*** Opening Data in this exercise ***

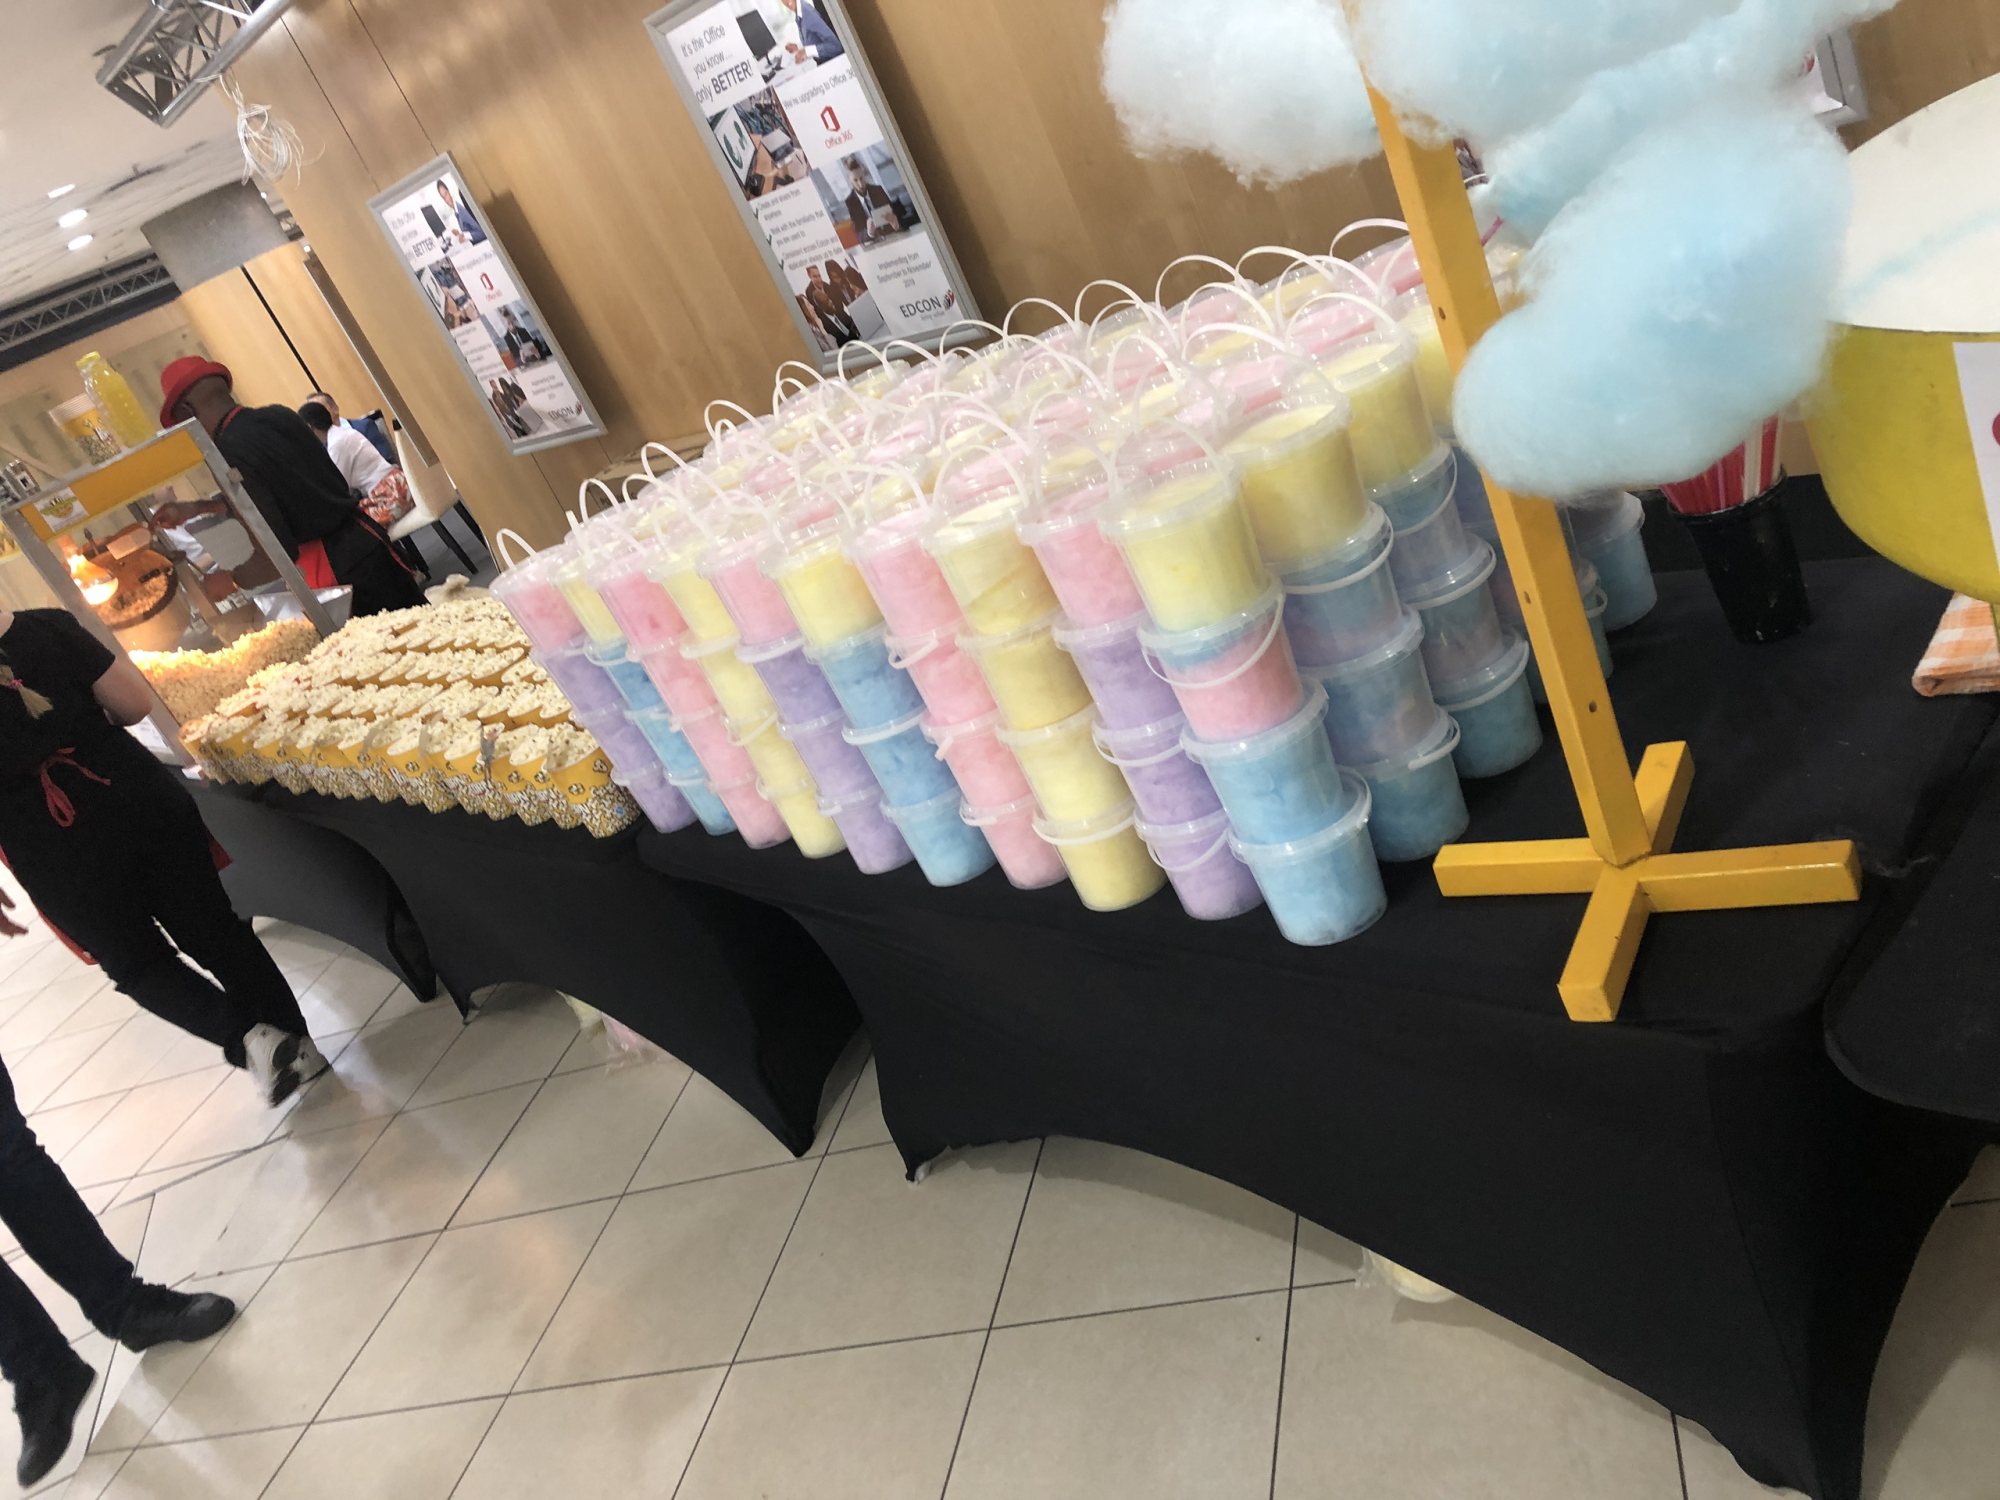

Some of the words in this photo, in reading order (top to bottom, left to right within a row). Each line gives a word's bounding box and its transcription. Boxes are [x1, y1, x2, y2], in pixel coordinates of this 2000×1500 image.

[692, 37, 704, 52] the
[703, 25, 726, 45] Office
[694, 62, 707, 80] you
[696, 84, 713, 104] only
[711, 59, 754, 94] BETTER!
[825, 135, 842, 149] Office
[899, 296, 942, 318] EDCON

*** Closing Data in this exercise ***

▶ **Task to complete**: Print all of the records shown above exactly, leaving out each picture.

▶ **Response box**:
Some of the words in this photo, in reading order (top to bottom, left to right within a row). Each line gives a word's bounding box and its transcription. Boxes are [x1, y1, x2, y2], in pixel coordinates of this 2000×1500 image.

[692, 37, 704, 52] the
[703, 25, 726, 45] Office
[694, 62, 707, 80] you
[696, 84, 713, 104] only
[711, 59, 754, 94] BETTER!
[825, 135, 842, 149] Office
[899, 296, 942, 318] EDCON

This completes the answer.